Problem description
In your copy, reproduce each entry exactly and include no picture.

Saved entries
-=-=-=-=-
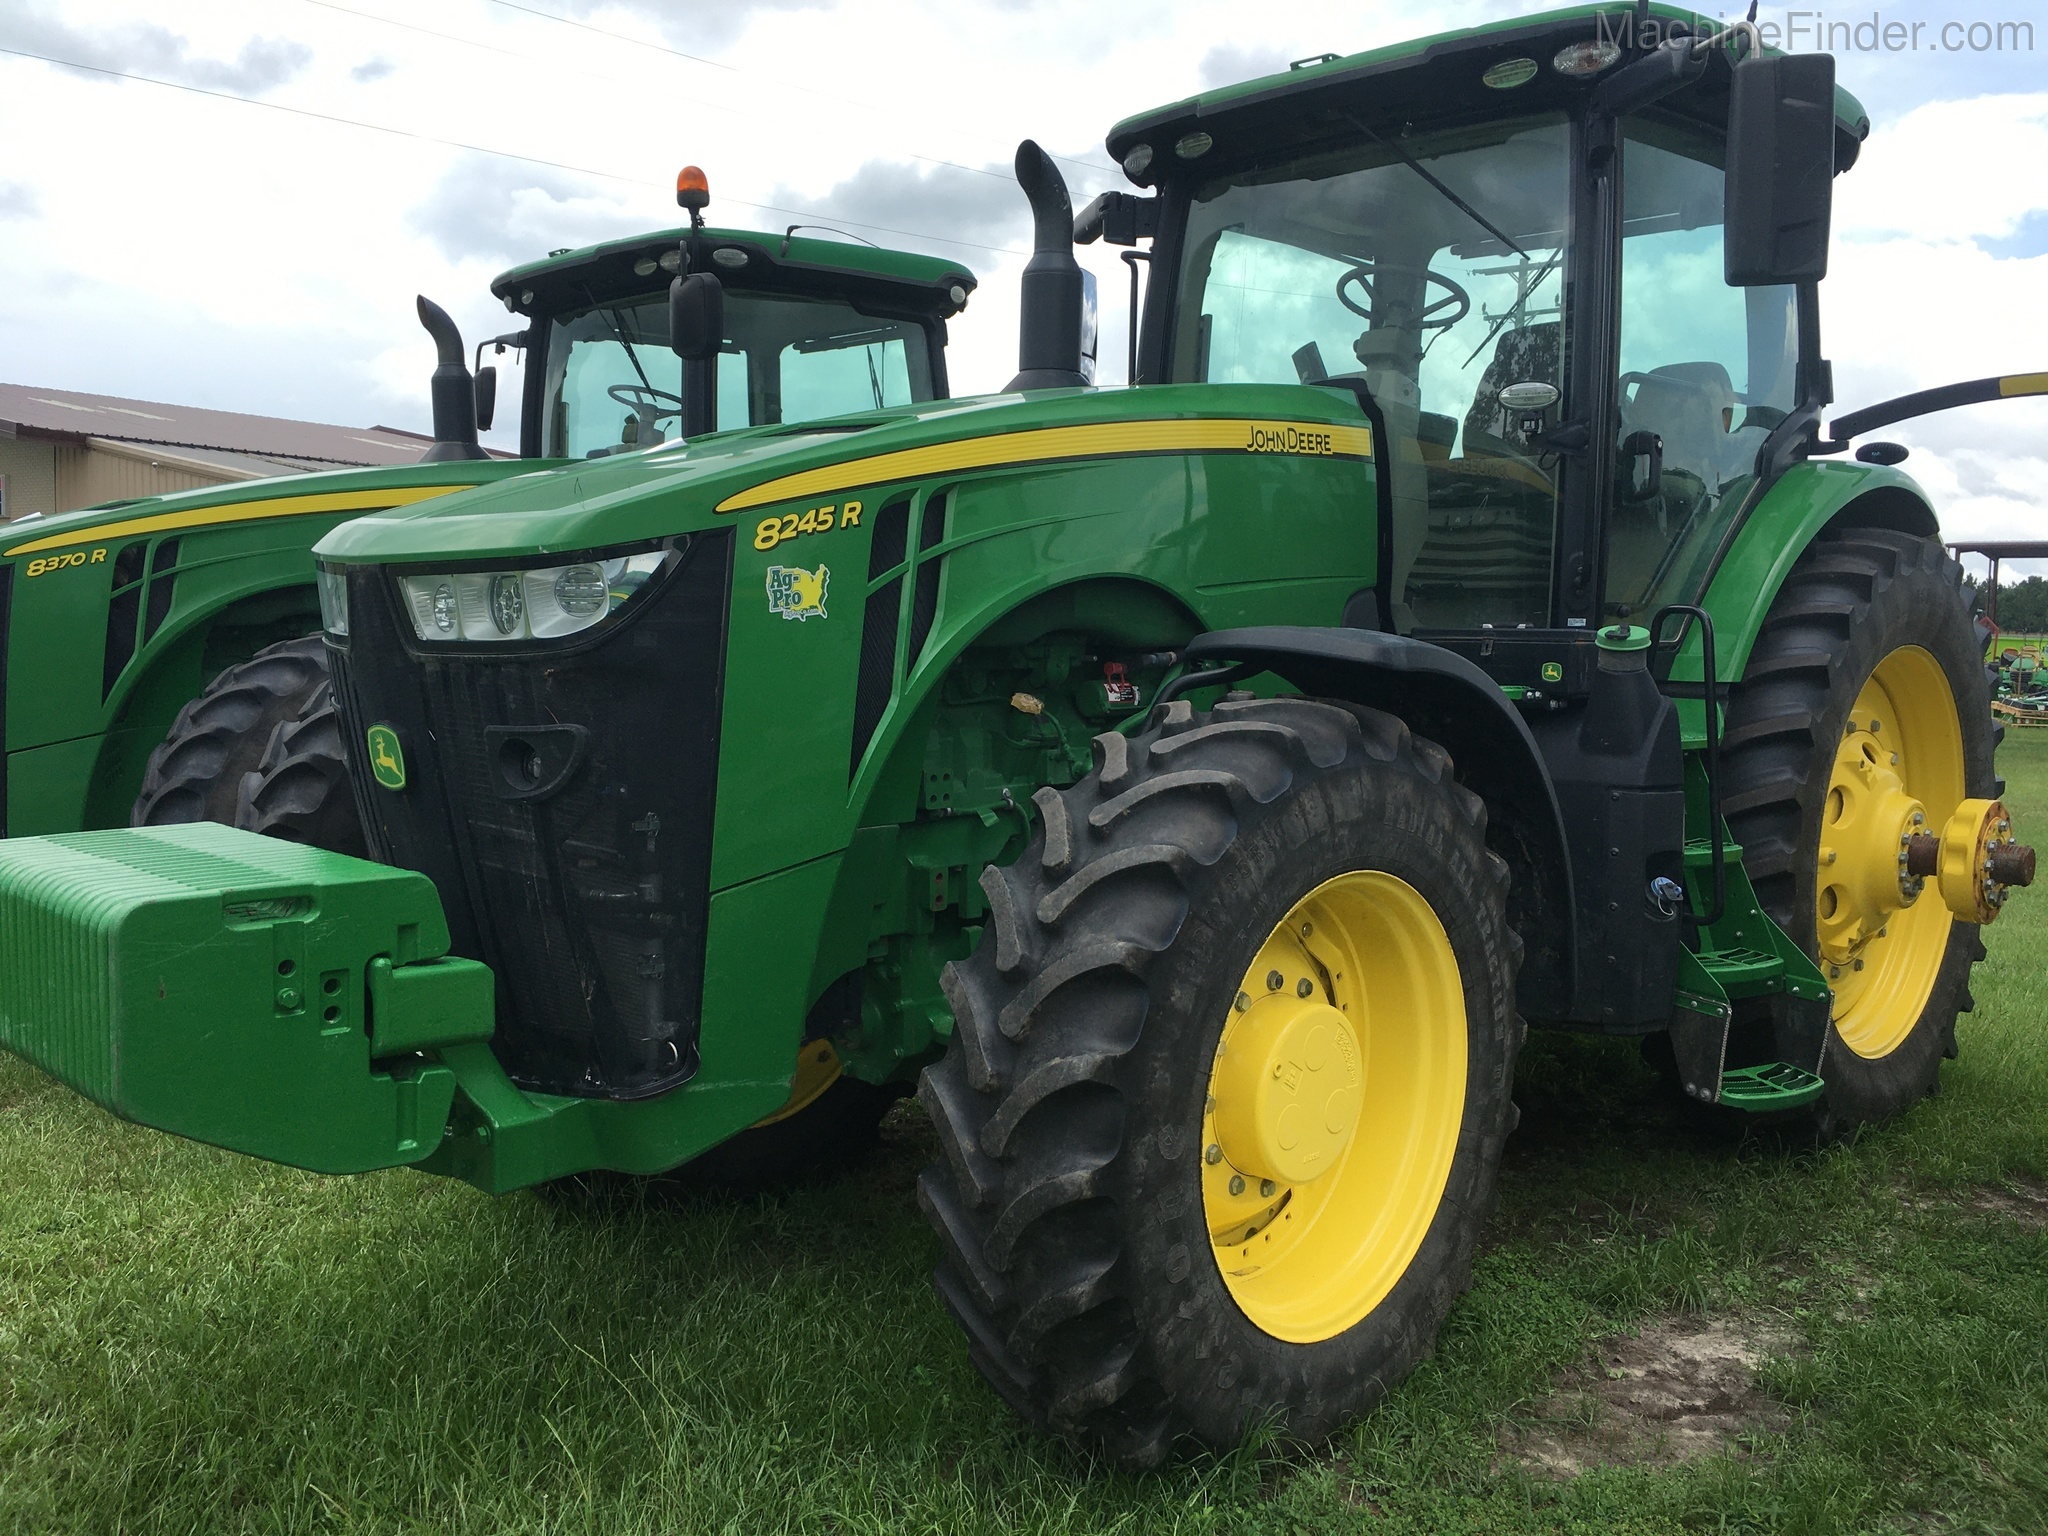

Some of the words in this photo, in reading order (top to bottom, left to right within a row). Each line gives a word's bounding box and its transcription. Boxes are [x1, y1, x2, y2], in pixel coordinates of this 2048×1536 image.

[754, 506, 835, 551] 8245
[840, 501, 863, 530] R
[26, 551, 87, 577] 8370
[90, 548, 107, 564] R
[770, 569, 799, 591] Ag-
[772, 589, 802, 609] Pro
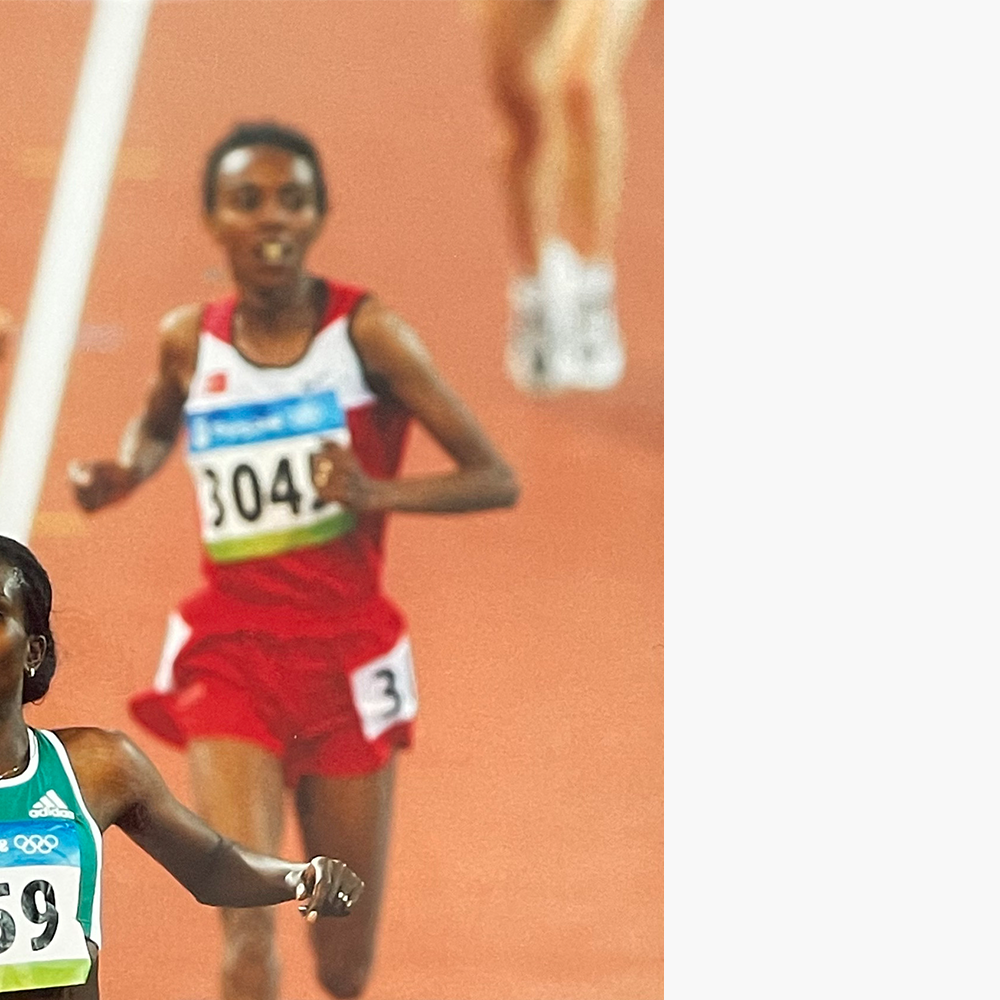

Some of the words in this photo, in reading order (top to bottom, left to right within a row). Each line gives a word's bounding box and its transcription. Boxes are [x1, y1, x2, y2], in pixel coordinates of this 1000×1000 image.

[205, 458, 328, 526] 304
[375, 668, 401, 718] 3
[28, 807, 75, 820] adidas
-=-=-=-=-
Written reply
Some of the words in this photo, in reading order (top to bottom, left to right within a row). Each line gives a word's bounding box and its transcription. Boxes are [x1, y1, x2, y2], in pixel coordinates of this 2048×1536 image.

[754, 506, 835, 551] 8245
[840, 501, 863, 530] R
[26, 551, 87, 577] 8370
[90, 548, 107, 564] R
[770, 569, 799, 591] Ag-
[772, 589, 802, 609] Pro

Some of the words in this photo, in reading order (top to bottom, left to right within a row). Each line gives a word's bounding box and its transcription. Boxes are [x1, y1, x2, y2], in pixel coordinates of this 1000×1000 image.

[205, 458, 328, 526] 304
[375, 668, 401, 718] 3
[28, 807, 75, 820] adidas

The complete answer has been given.